Data records:
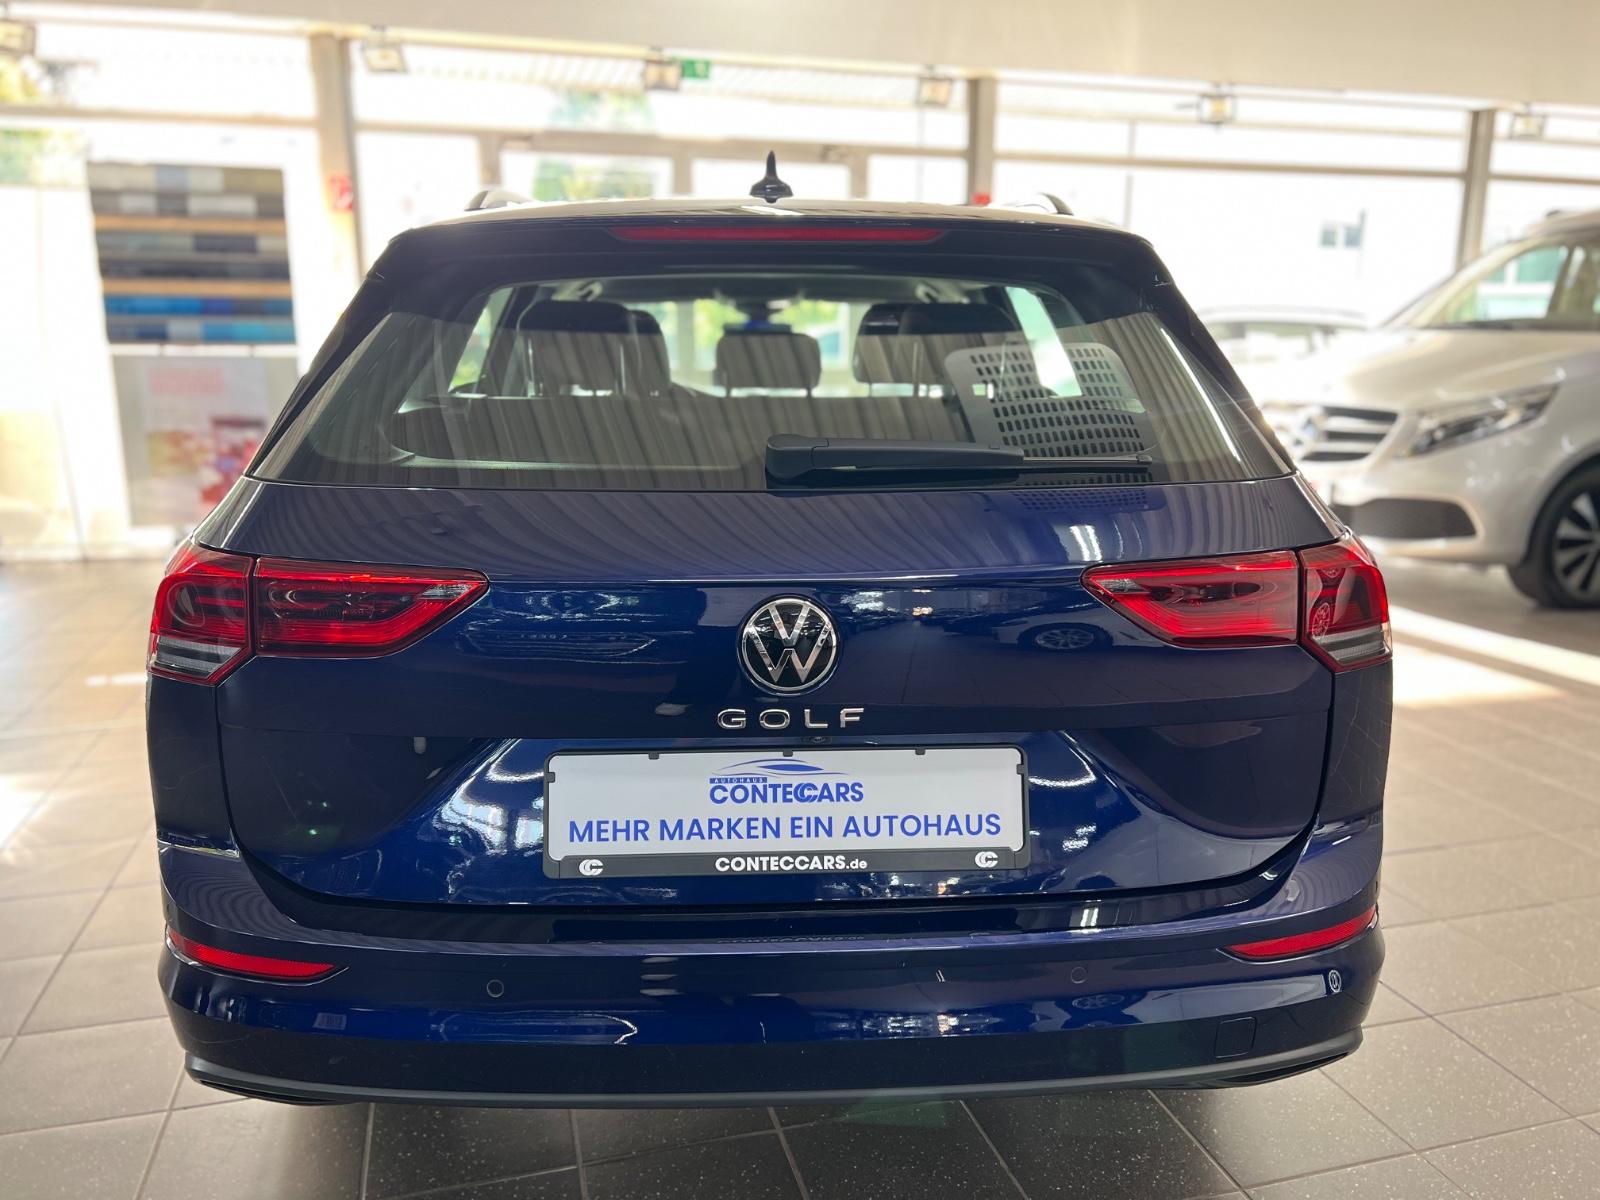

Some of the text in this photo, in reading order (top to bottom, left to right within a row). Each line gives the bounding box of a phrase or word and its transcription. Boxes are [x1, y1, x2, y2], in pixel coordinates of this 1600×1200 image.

[717, 707, 865, 730] GOLF
[709, 782, 864, 804] CONTECCARS
[568, 813, 1002, 843] MEHR MARKEN EIN AUTOHAUS
[715, 854, 868, 872] CONTECCARS.de

Exercise brief:
Write every entry out again exactly, dropping the pictures.

Response:
Some of the text in this photo, in reading order (top to bottom, left to right within a row). Each line gives the bounding box of a phrase or word and its transcription. Boxes are [x1, y1, x2, y2], in pixel coordinates of this 1600×1200 image.

[717, 707, 865, 730] GOLF
[709, 782, 864, 804] CONTECCARS
[568, 813, 1002, 843] MEHR MARKEN EIN AUTOHAUS
[715, 854, 868, 872] CONTECCARS.de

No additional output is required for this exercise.